Did ancient astronauts
Visit Earth aeons ago,
Plant Colonies - perform
Wondrous Feats of Engineering
Still unexplained?
The eternal Mystery of
The Pyramids - The Sphinx
Stonehenge - Gigantic Chalk Figures,
Discernible only from great heights -
Easter Island - Machu Pichu?
The Origin of Man -
The miracles of Music -
Painting - Sculpture -
Poetry and Thought.
The Star of Bethlehem -
The Virgin Birth - The Magi -
Betrayal, Death and Resurrection?
Patterns of Migration?
Courtship Rituals?
Attachment - Dependency -
Illness - Abandonment -
Grief - Tedium -
Decline - Decay -
The eternal Search
For Acceptance - Appreciation -
Affection - Understanding -
ESCAPE!
~ FreeThinke
Could it be
Nietzsche - "On Truth and Lie in an Extra-Moral Sense"
It is strange that this should be the effect of the intellect, for after all it was given only as an aid to the most unfortunate, most delicate, most evanescent beings in order to hold them for a minute in existence, from which otherwise, without this gift, they would have every reason to flee as quickly as Lessing's son. [In a famous letter to Johann Joachim Eschenburg (December 31, 1778), Lessing relates the death of his infant son, who "understood the world so well that he left it at the first opportunity."] That haughtiness which goes with knowledge and feeling, which shrouds the eyes and senses of man in a blinding fog, therefore deceives him about the value of existence by carrying in itself the most flattering evaluation of knowledge itself. Its most universal effect is deception; but even its most particular effects have something of the same character.
The intellect, as a means for the preservation of the individual, unfolds its chief powers in simulation; for this is the means by which the weaker, less robust individuals preserve themselves, since they are denied the chance of waging the struggle for existence with horns or the fangs of beasts of prey. In man this art of simulation reaches its peak: here deception, flattering, lying and cheating, talking behind the back, posing, living in borrowed splendor, being masked, the disguise of convention, acting a role before others and before oneself—in short, the constant fluttering around the single flame of vanity is so much the rule and the law that almost nothing is more incomprehensible than how an honest and pure urge for truth could make its appearance among men. They are deeply immersed in illusions and dream images; their eye glides only over the surface of things and sees "forms"; their feeling nowhere lead into truth, but contents itself with the reception of stimuli, playing, as it were, a game of blindman's buff on the backs of things. Moreover, man permits himself to be lied to at night, his life long, when he dreams, and his moral sense never even tries to prevent this—although men have been said to have overcome snoring by sheer will power.

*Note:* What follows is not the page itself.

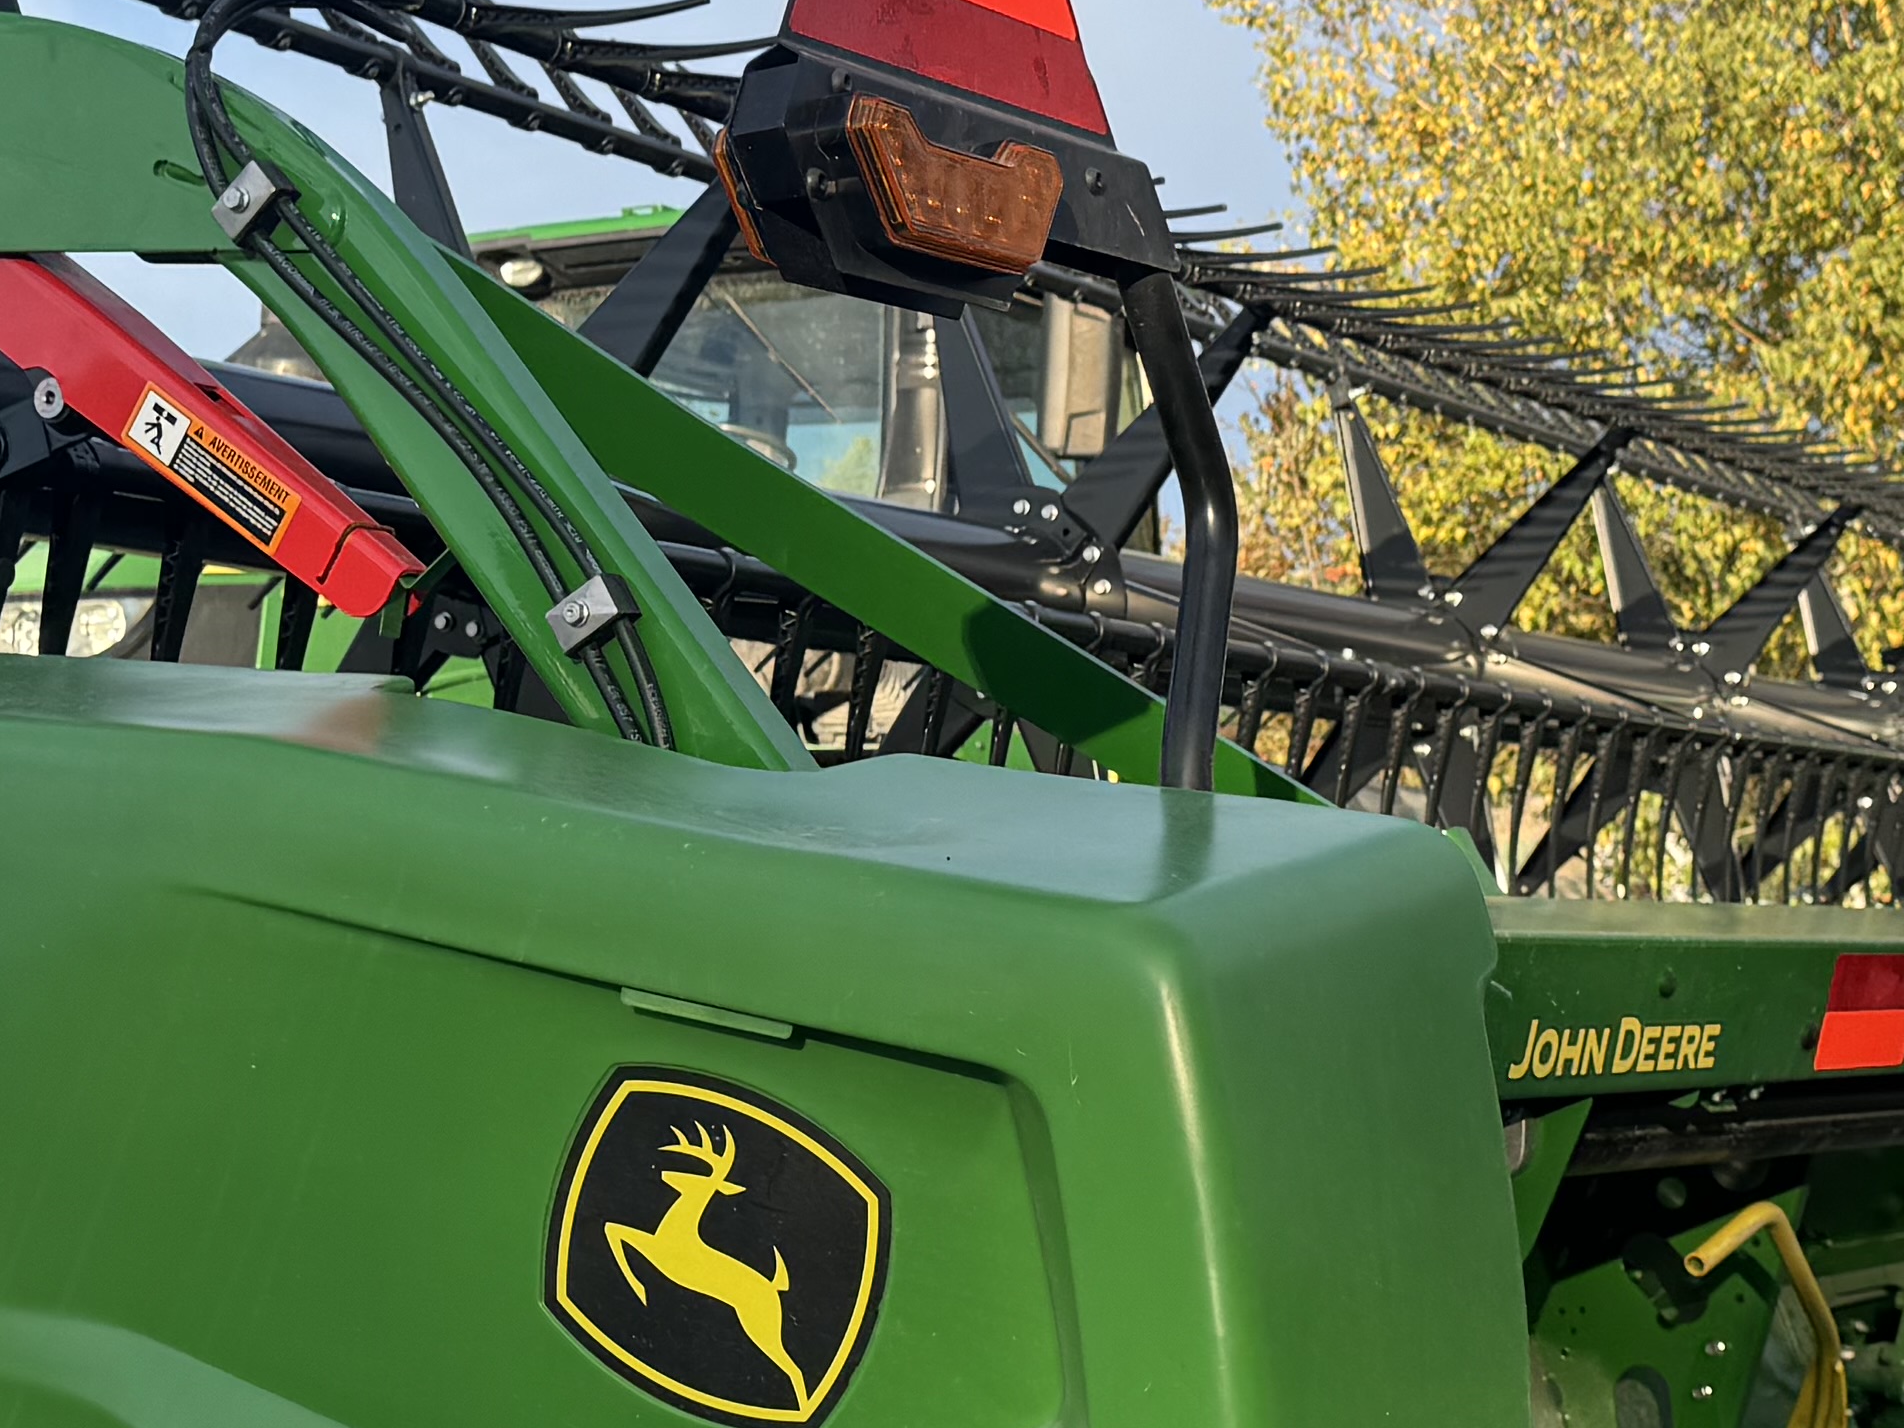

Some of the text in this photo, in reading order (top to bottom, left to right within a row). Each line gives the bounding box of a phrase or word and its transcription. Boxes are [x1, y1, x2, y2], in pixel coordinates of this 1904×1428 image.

[208, 436, 291, 504] AVERTISSEMENT
[1508, 1017, 1721, 1079] JOHN DEERE

What, indeed, does man know of himself! Can he even once perceive himself completely, laid out as if in an illuminated glass case? Does not nature keep much the most from him, even about his body, to spellbind and confine him in a proud, deceptive consciousness, far from the coils of the intestines, the quick current of the blood stream, and the involved tremors of the fibers? She threw away the key; and woe to the calamitous curiosity which might peer just once through a crack in the chamber of consciousness and look down, and sense that man rests upon the merciless, the greedy, the insatiable, the murderous, in the indifference of his ignorance—hanging in dreams, as it were, upon the back of a tiger. In view of this, whence in all the world comes the urge for truth?